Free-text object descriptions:
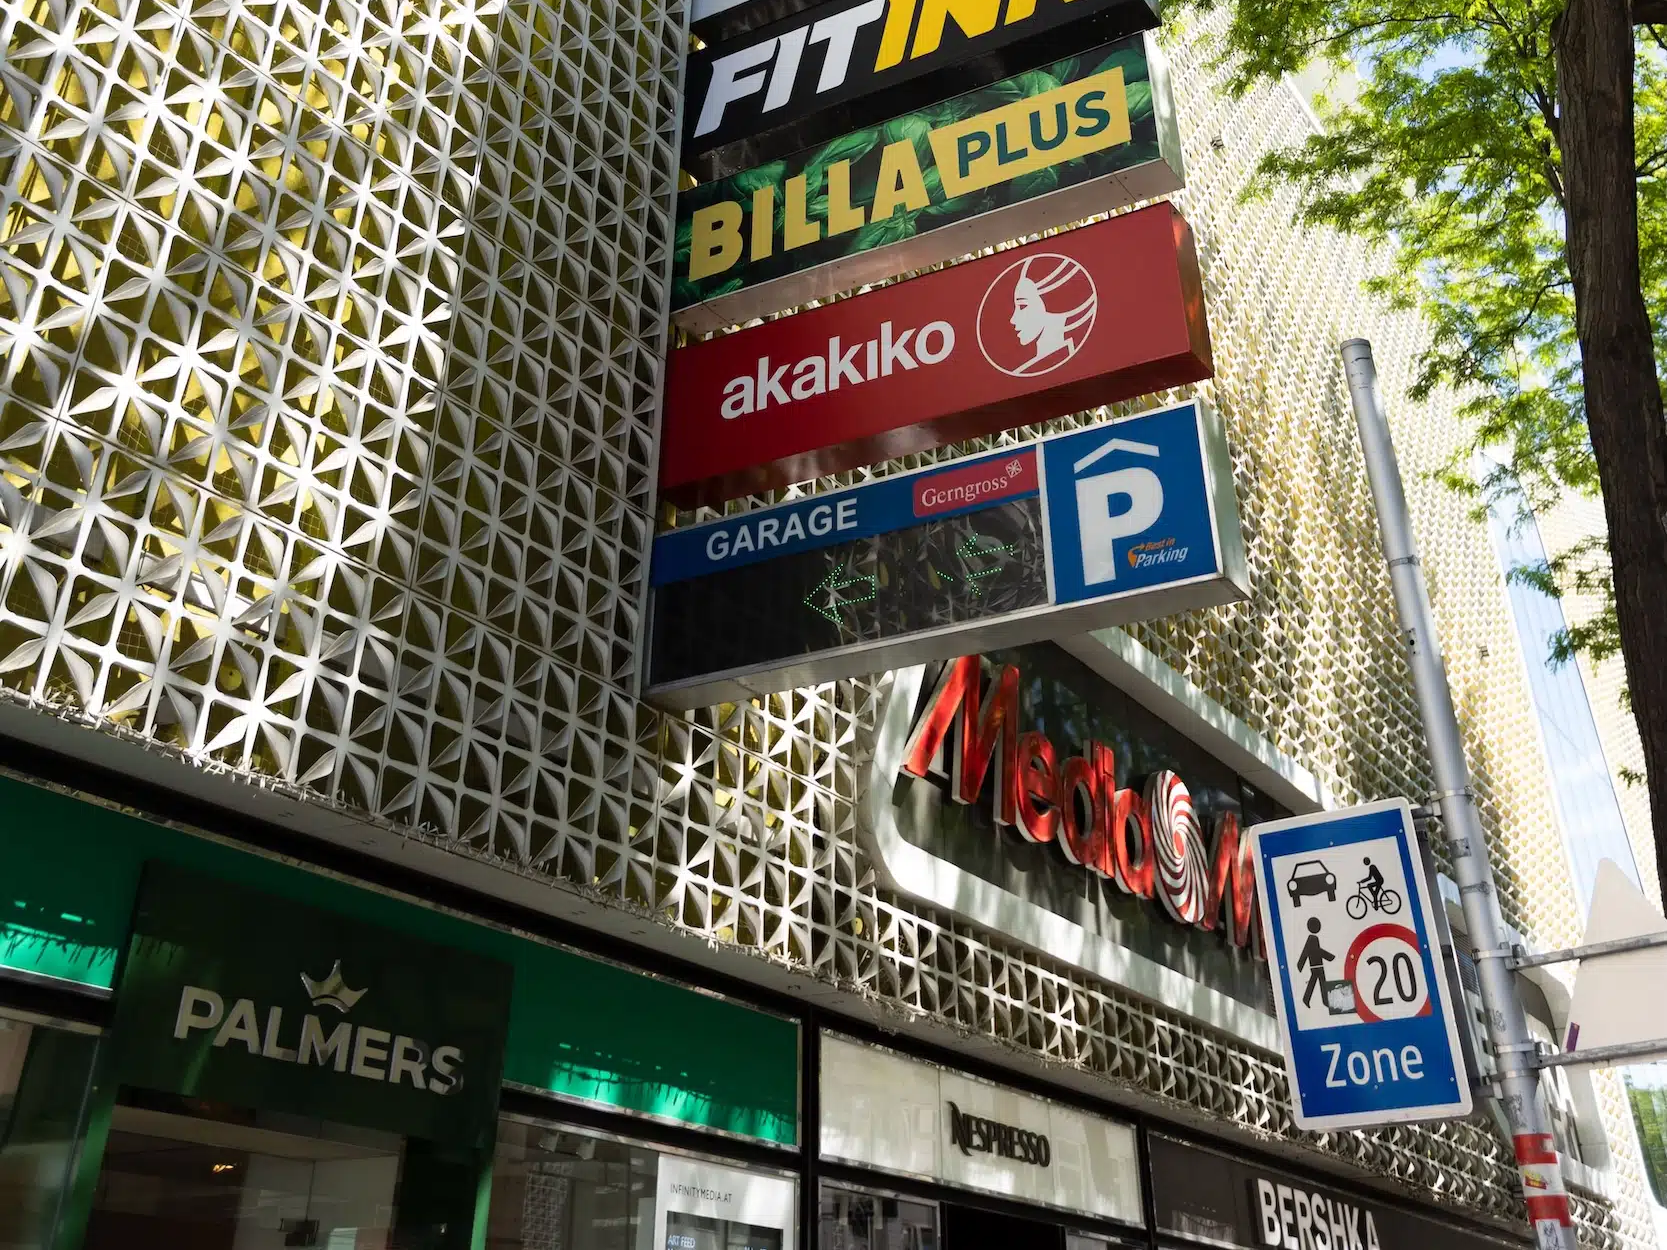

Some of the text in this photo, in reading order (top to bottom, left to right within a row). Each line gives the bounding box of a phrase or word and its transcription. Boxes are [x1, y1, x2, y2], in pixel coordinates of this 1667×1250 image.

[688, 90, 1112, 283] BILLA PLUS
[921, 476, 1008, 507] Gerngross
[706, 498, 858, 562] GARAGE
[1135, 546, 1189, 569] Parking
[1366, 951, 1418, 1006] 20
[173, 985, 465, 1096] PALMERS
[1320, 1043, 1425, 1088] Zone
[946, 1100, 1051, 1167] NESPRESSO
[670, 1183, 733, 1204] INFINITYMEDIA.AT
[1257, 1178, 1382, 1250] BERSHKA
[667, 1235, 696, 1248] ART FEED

◆ **INSTRUCTIONS FOR THE TASK**
All entries, top to bottom, should be retyped exactly; the pictures should not be.

◆ **TASK OUTPUT**
Some of the text in this photo, in reading order (top to bottom, left to right within a row). Each line gives the bounding box of a phrase or word and its transcription. Boxes are [x1, y1, x2, y2], in pixel coordinates of this 1667×1250 image.

[688, 90, 1112, 283] BILLA PLUS
[921, 476, 1008, 507] Gerngross
[706, 498, 858, 562] GARAGE
[1135, 546, 1189, 569] Parking
[1366, 951, 1418, 1006] 20
[173, 985, 465, 1096] PALMERS
[1320, 1043, 1425, 1088] Zone
[946, 1100, 1051, 1167] NESPRESSO
[670, 1183, 733, 1204] INFINITYMEDIA.AT
[1257, 1178, 1382, 1250] BERSHKA
[667, 1235, 696, 1248] ART FEED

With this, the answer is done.